Back to Bailey, his daughter. I called her ex’s mom (the grandsons’ grandmother) and it turned out that Bailey wanted our phone number so a friend could contact us. Reality check: we know none of her friends. Never have. In other words, she wants money. Why doesn’t she have our phone number? Barry has been calling her every other Friday since she turned 18. He only gets her machine, but that’s not the point. She doesn’t have caller ID? Before we switched to Verizon probably five years ago, we still had a land line with the exact same number! An old phone book would do the trick.
Anyhow, Jeff’s mom said she wants she and her husband to come with Jeff and the boys to Lansing. I said we would take them to Smokey Bones and the boys could buy what they wanted at Dick’s, which is just across the parking lot. At this point, every event with Barry has to be treated like possibly the last one ever.
I told Barry about all of this and at first told him his daughter was not welcome. He says, “Why not?” I reminded him that she threw a fit when she found out we saw the boys this past February and referred to Barry as “that child molester.” Funny how no one can even imagine Barry doing anything remotely inappropriate and he said, “I can’t even molest myself.” Such a guy thing to say. I said I might call 911 if she shows up because I don’t want her anywhere near us.

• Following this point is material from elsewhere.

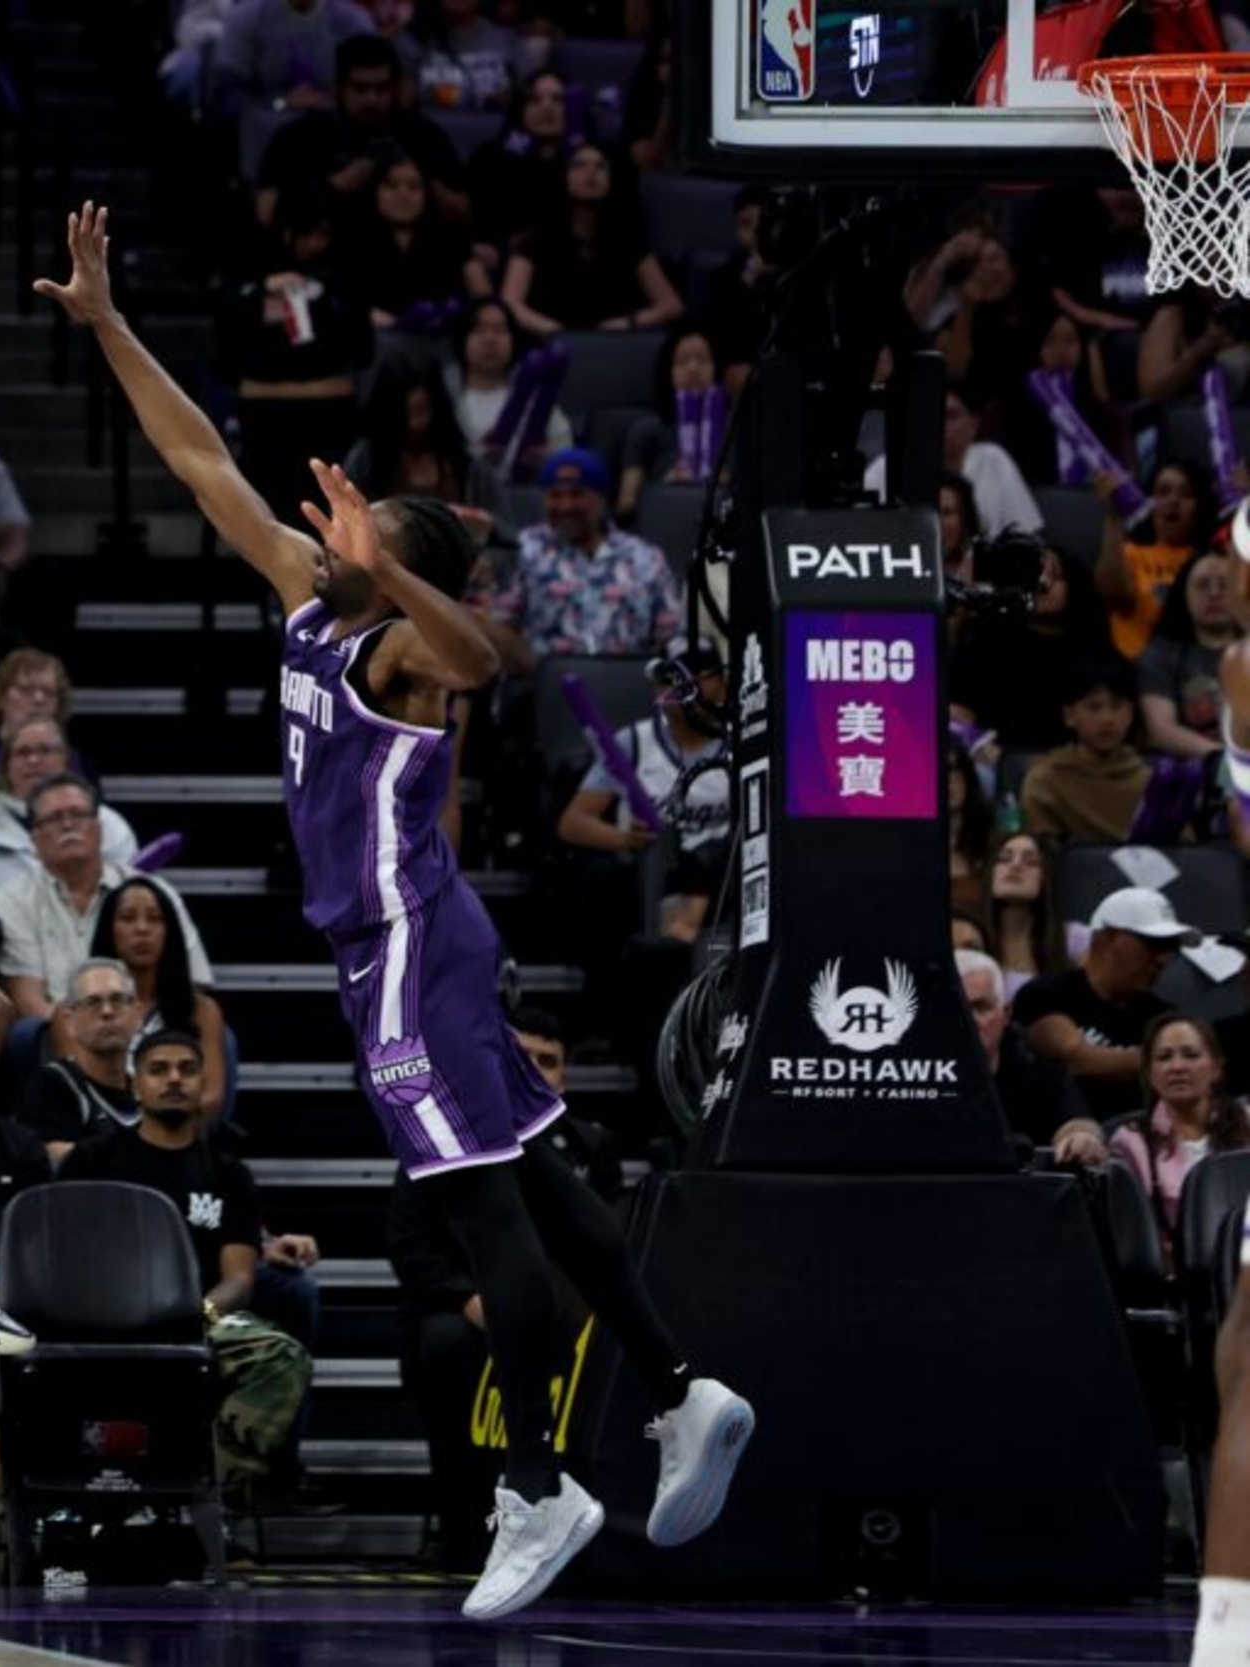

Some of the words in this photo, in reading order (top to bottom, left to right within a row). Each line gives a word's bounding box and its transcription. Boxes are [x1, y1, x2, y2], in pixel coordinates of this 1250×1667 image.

But then I reconsidered and told him he could see her if I’m not there because I can’t guarantee what I would do if I saw her. We haven’t seen her since Christmas of 2014. That is a marriage and a divorce ago. I have always had the policy of not interfering with Barry and Bailey seeing each other. Until I heard about her throwing a hissy fit when Jeff brought the boys for a visit and referring to her dad as a child molester. That’s why giving her our address is such a big deal.
Then it struck me like a ton of bricks. Maybe she wants her inheritance now. Barry wants her to have $2500 when he dies and it sounds like she is totally broke up north. I don’t care when she gets it. If that’s what she wants, we can arrange that. I can stick it into an account somewhere and let her know about it when she wants it.
Is this the closure Barry has been waiting for? Is this what he is living for?
Either absolutely nothing is changing or more is happening than I can keep track of. But a lot of movement beats being stuck any day.